[INPUT FOR THIS TASK — start]

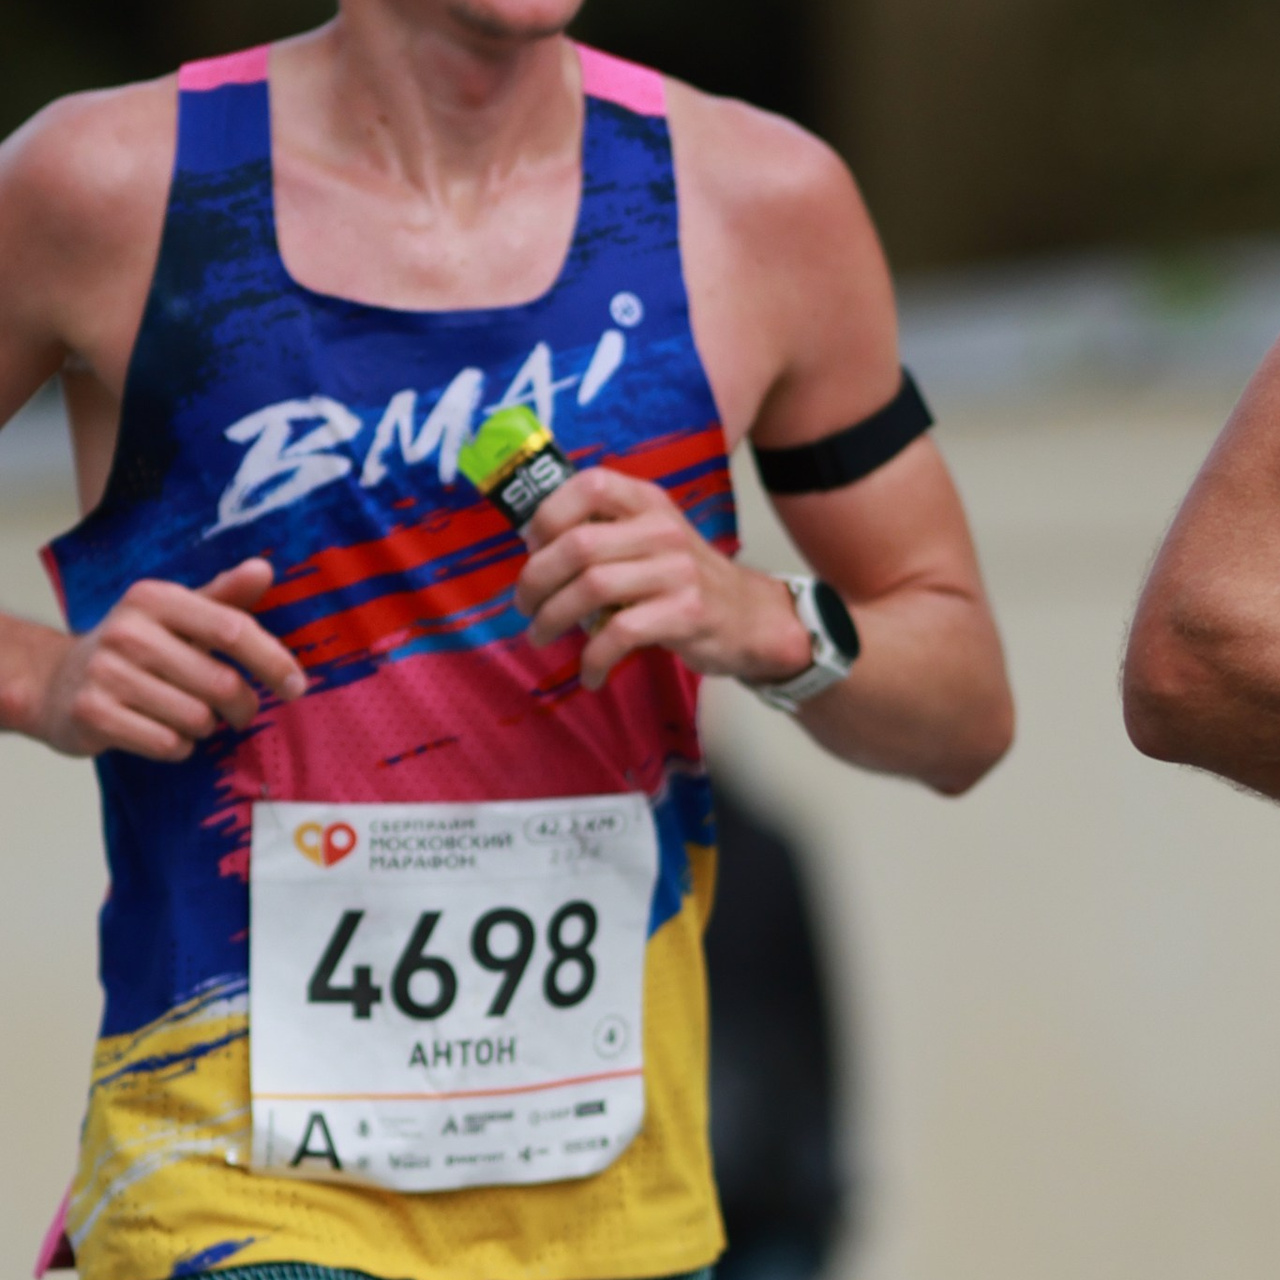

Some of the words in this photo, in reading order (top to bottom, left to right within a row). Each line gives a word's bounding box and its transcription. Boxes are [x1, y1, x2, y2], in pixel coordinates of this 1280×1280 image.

[369, 832, 514, 852] МОСКОВСКИЙ
[369, 854, 476, 871] МАРАФОН
[306, 899, 598, 1020] 4698
[408, 1038, 516, 1068] АНТОН

[INPUT FOR THIS TASK — finish]

Output every record verbatim, skipping images.

Some of the words in this photo, in reading order (top to bottom, left to right within a row). Each line gives a word's bounding box and its transcription. Boxes are [x1, y1, x2, y2], in pixel coordinates of this 1280×1280 image.

[369, 832, 514, 852] МОСКОВСКИЙ
[369, 854, 476, 871] МАРАФОН
[306, 899, 598, 1020] 4698
[408, 1038, 516, 1068] АНТОН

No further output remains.